Coup de gueule - Après un mois de représentations au Festival Off d'Avignon, l'auteur, acteur et metteur en scène Mani Soleymanlou présente sa brillante trilogie (Un, Deux, Trois) au Théâtre d'Aujourd'hui jusqu'au 17 octobre. Il prépare pour mars à La Licorne la première pièce d'une nouvelle trilogie (Ils étaient quatre, qui sera suivie de 5 à 7 et Huit). Discussion sur l'identité avec un artiste québécois de 33 ans, d'origine iranienne, qui a vécu à Paris et Toronto avant de s'établir à Montréal.

J'ai envie de te parler d'identité parce que c'est une question dont tu traites beaucoup dans tes pièces. Tu as mis un point final à ta trilogie, mais où en es-tu dans ta réflexion aujourd'hui?

Je pense que je suis rendu dans un cul-de-sac! On dirait que plus j'avance, moins c'est clair. Avec Un, les choses n'étaient déjà pas très claires; avec Deux, la confusion était intéressante; dans Trois, tout devient de plus en plus flou. À un moment donné, tu as trop de choix. C'est comme un buffet identitaire «all you can eat» où tu trouves autant d'identités qu'il y a d'êtres humains sur la planète. La quotidienneté de la chose, je commence à m'en foutre un peu. Est-ce que je dois réactualiser ma pièce? Trois s'inspire de choses qui ont été dites en juin dernier, et dont on ne parle déjà plus... La Charte, les Janettes, c'est déjà obsolète. C'est bizarre.

Ça t'inquiète qu'on n'en parle plus? Plusieurs préfèrent considérer la Charte des valeurs comme une erreur stratégique d'un parti à la dérive. Comme si elle n'avait jamais existé.

C'est ça qui est terrible. Ce débat a existé pour une raison. Il y a eu des répercussions et il faut les gérer. J'ai l'impression, par exemple, que la manière dont les médias québécois parlent des islamistes qui décapitent les gens - sans doute que je m'avance en terrain miné ici - et la manière dont ces informations sont reçues ne sont pas étrangères au climat malsain entourant le débat sur la Charte.

Notre vision des événements est forcément teintée par nos propres débats et par le climat général de méfiance envers le musulman, qui est dans l'air du temps.

Je ne suis pas musulman du tout. J'ai écrit quelque chose dans Trois que j'ai enlevé: que j'avais envie parfois de l'être juste pour faire chier, m'amuser davantage avec le sujet et aller à l'encontre d'une certaine islamophobie. Pas pour protéger l'islam ou les musulmans. J'ai fui un régime islamique avec ma famille. Mais j'ai souvent l'impression que le «ils» dont on parle en désignant les radicaux islamistes ratisse beaucoup plus large. On a besoin de créer une peur générale, de justifier l'envoi de troupes en Irak.
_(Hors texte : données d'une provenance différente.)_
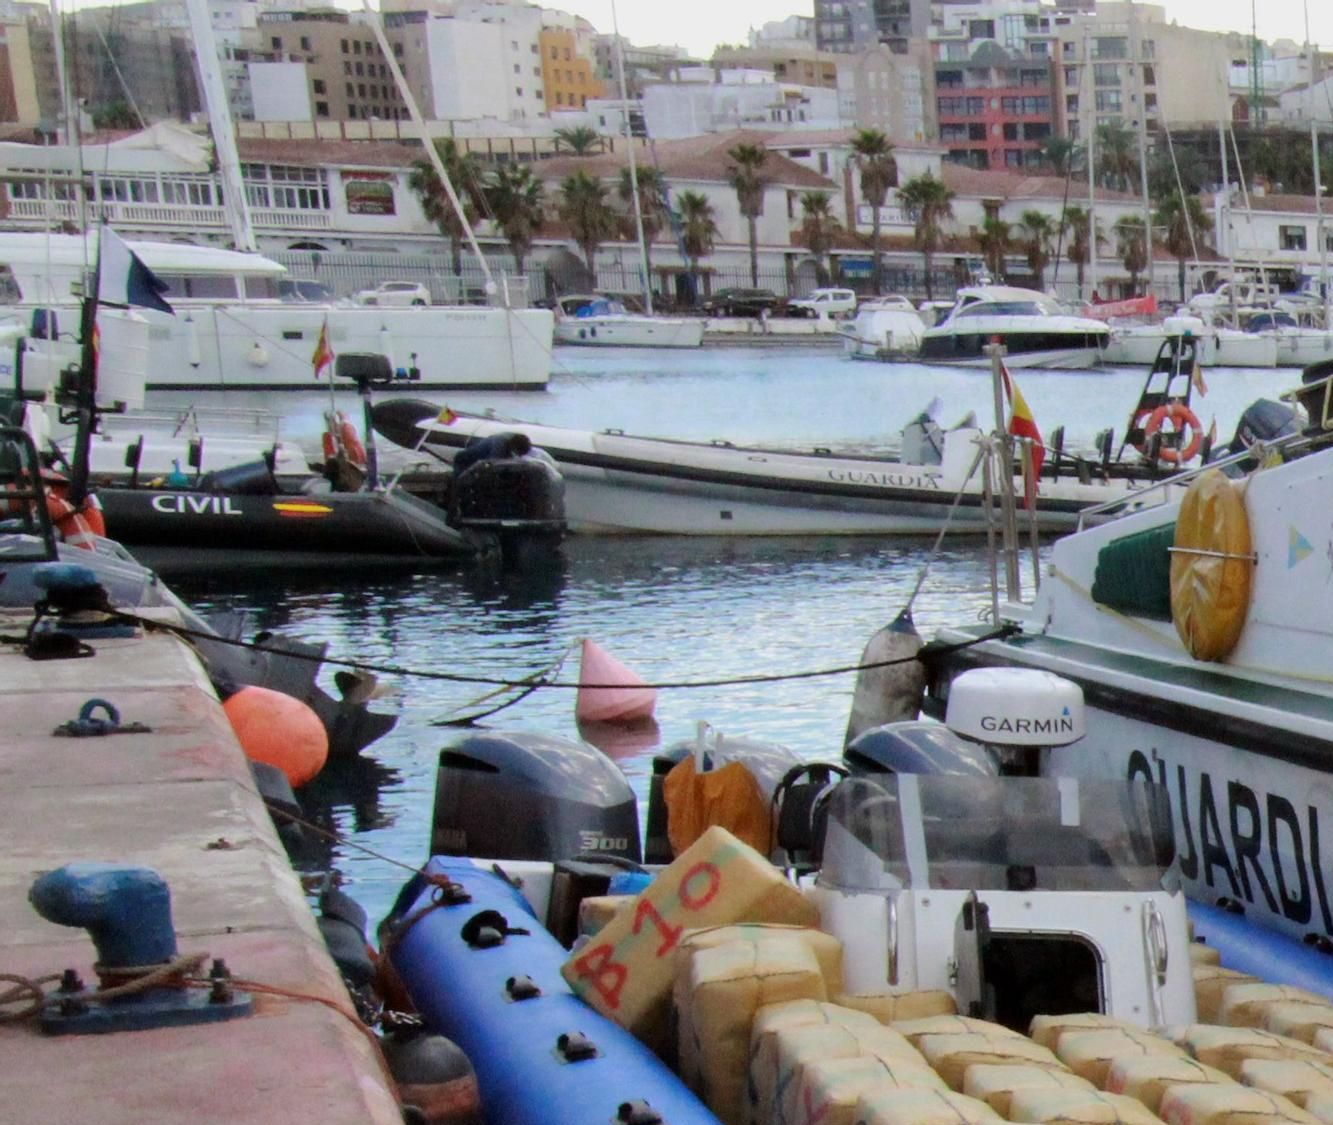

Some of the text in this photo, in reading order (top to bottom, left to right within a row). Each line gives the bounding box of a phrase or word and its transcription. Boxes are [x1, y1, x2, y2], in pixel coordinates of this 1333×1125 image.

[828, 470, 940, 489] GUARDIA
[152, 495, 243, 515] CIVIL
[981, 716, 1073, 733] GARMIN
[580, 836, 628, 850] 300
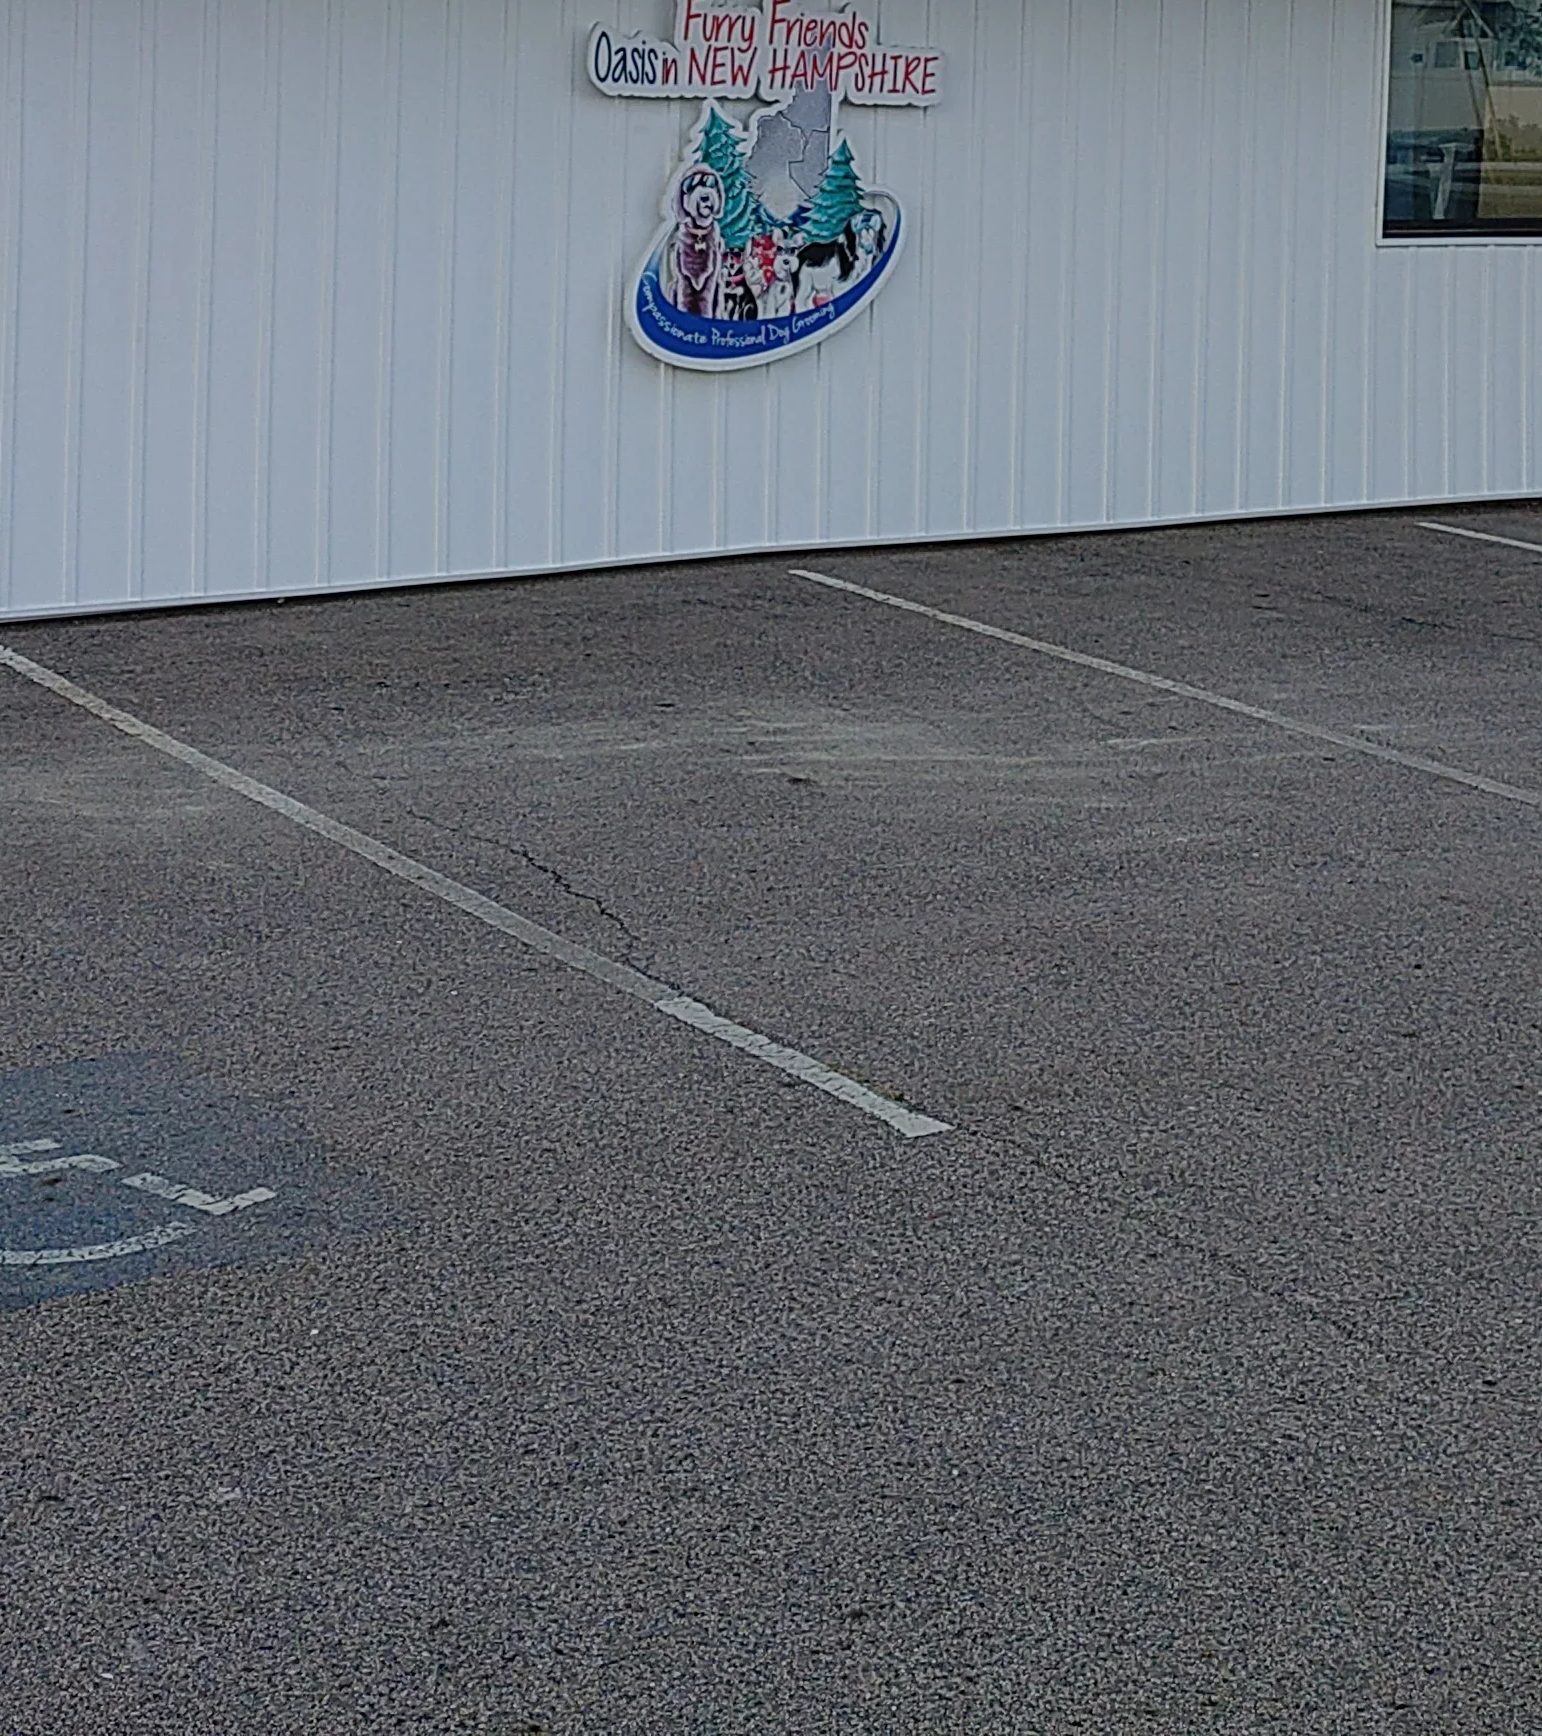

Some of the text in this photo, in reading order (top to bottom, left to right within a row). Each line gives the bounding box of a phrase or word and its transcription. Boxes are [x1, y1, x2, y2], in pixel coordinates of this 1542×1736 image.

[594, 31, 940, 95] Oasis in NEW HAMPSHIRE
[639, 270, 837, 348] Compassionate Professional Dog Grooming
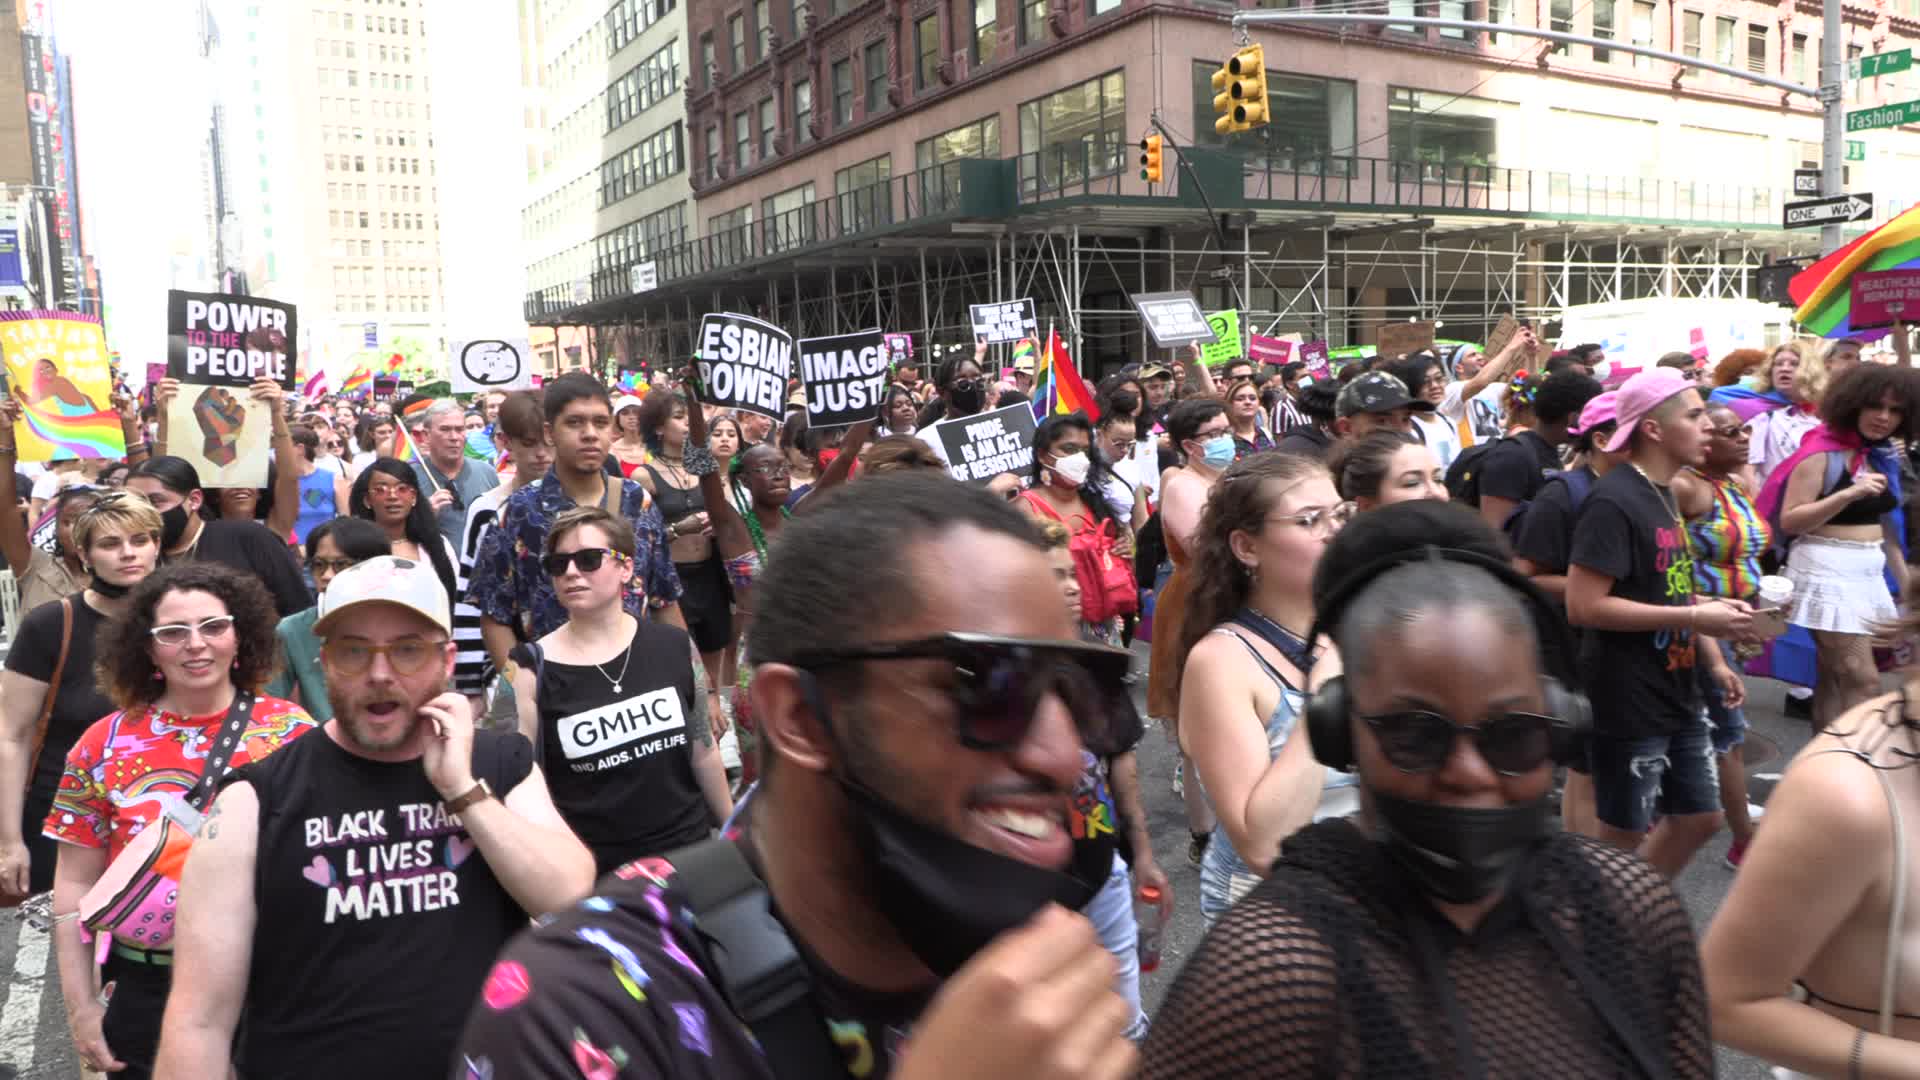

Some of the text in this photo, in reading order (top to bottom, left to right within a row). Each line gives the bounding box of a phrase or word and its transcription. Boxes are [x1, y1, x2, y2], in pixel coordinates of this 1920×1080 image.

[1872, 57, 1880, 72] 7
[1886, 55, 1897, 64] Av
[1850, 109, 1903, 129] Fashion
[1798, 177, 1815, 189] ONE
[1790, 202, 1860, 222] ONE WAY
[187, 300, 287, 338] POWER
[185, 330, 240, 348] TO THE
[703, 323, 790, 379] ESBIAN
[187, 347, 286, 380] PEOPLE
[698, 361, 783, 413] POWER
[965, 418, 1006, 442] PRIDE
[960, 432, 1022, 462] IS AN ACT
[951, 464, 969, 481] OF
[573, 698, 672, 747] GMHC
[597, 750, 633, 771] AIDS.
[634, 739, 663, 758] LIVE
[305, 809, 387, 847] BLACK
[346, 840, 433, 877] LIVES
[324, 871, 460, 924] MATTER
On a créé un climat de paranoïa face à l'islam, depuis le 11-Septembre, qui me rappelle celui qui existait quand j'étais petit face au communisme. On nous terrorisait avec des téléfilms comme The Day After qui nous faisaient croire à une guerre nucléaire imminente. Ces décapitations diffusées sur YouTube sont des images fortes. C'est l'effet escompté par les terroristes. Mais des gens qui se font assassiner, il y en a beaucoup, partout, que l'on ne voit jamais...

Pourquoi décide-t-on de diffuser ces images dans les médias? De nourrir cette paranoïa? Je me pose aussi la question. Les images dont je parle dans Un, à propos des manifestations en Iran en 2009, faisaient partie d'un nouveau phénomène. Cinq ans plus tard, c'est presque devenu banal. J'ai des amis Facebook qui relaient quotidiennement des images du groupe État islamique. Ces images ont forcément un impact sur notre perception du monde.

Après trois pièces sur le même thème, as-tu peur d'être emprisonné dans un carcan identitaire?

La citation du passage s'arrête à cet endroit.